Every line of the data should be written out exactly, with the pictures left out.

>>>>>

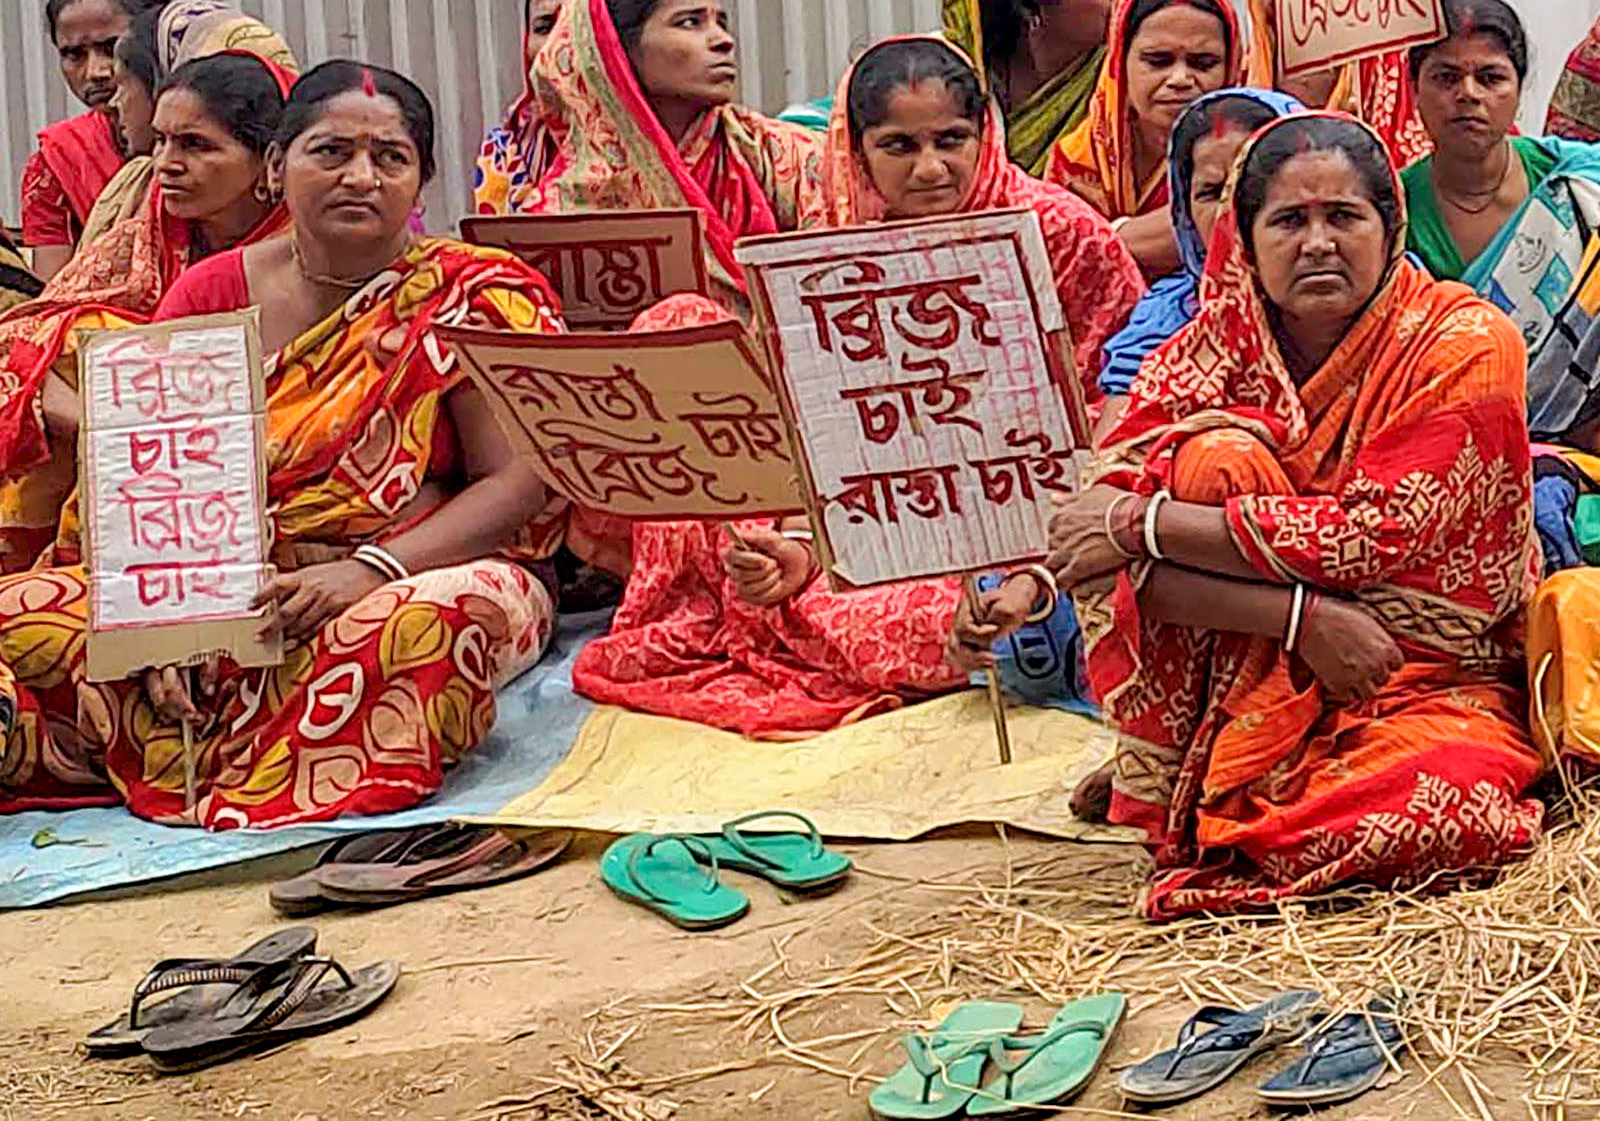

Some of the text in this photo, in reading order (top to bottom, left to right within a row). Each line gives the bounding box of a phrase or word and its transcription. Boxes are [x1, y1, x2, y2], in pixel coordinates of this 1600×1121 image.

[800, 260, 1003, 363] ব্রিজ
[121, 412, 229, 476] চাই
[489, 362, 792, 463] রাস্তা চাই
[839, 351, 990, 445] চাই
[832, 428, 1077, 526] রাস্তা চাই
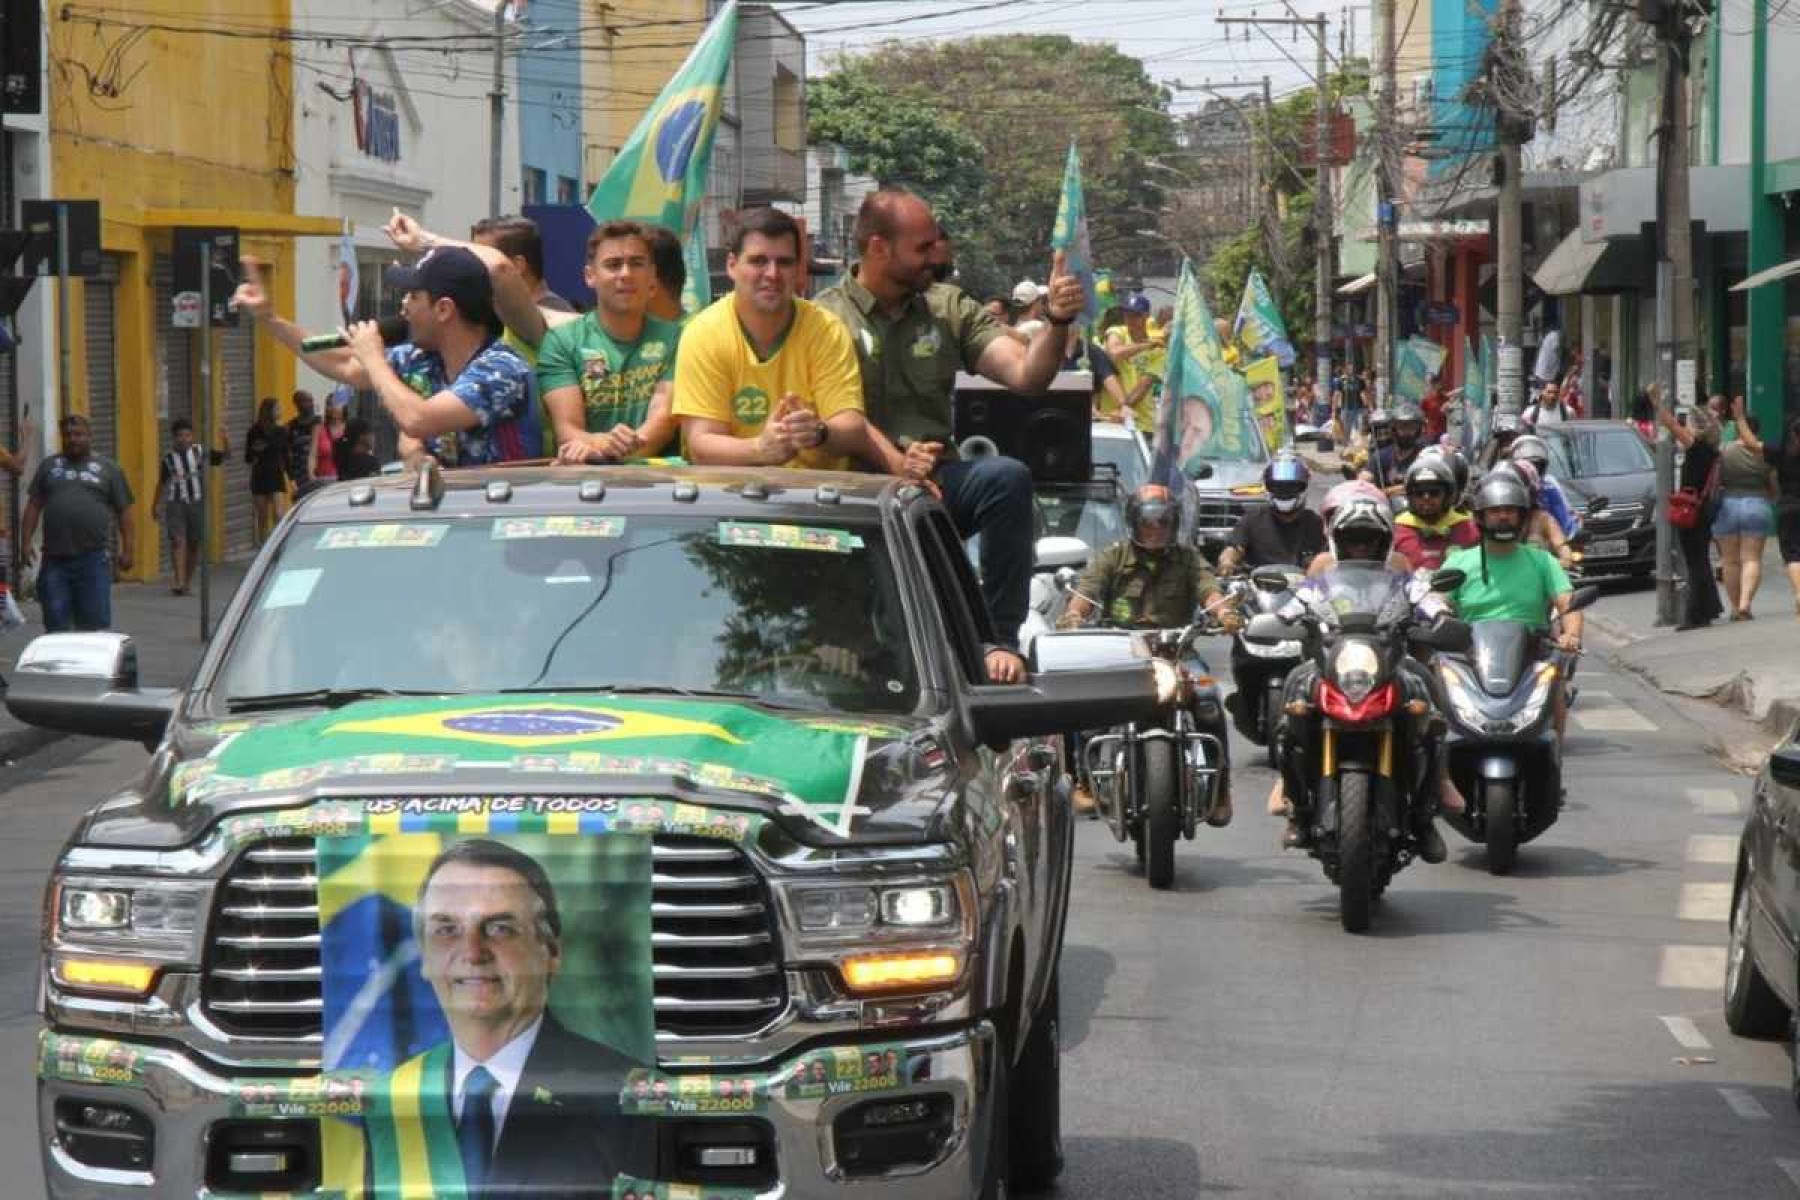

<<<<<

Solved exercise:
Some of the text in this photo, in reading order (top to bottom, left to right within a row). Each line gives the bounding box of a phrase or word and its transcription. Boxes are [x1, y1, x2, y2], in pixel coordinates of this 1600×1121 image.

[800, 260, 1003, 363] ব্রিজ
[121, 412, 229, 476] চাই
[489, 362, 792, 463] রাস্তা চাই
[839, 351, 990, 445] চাই
[832, 428, 1077, 526] রাস্তা চাই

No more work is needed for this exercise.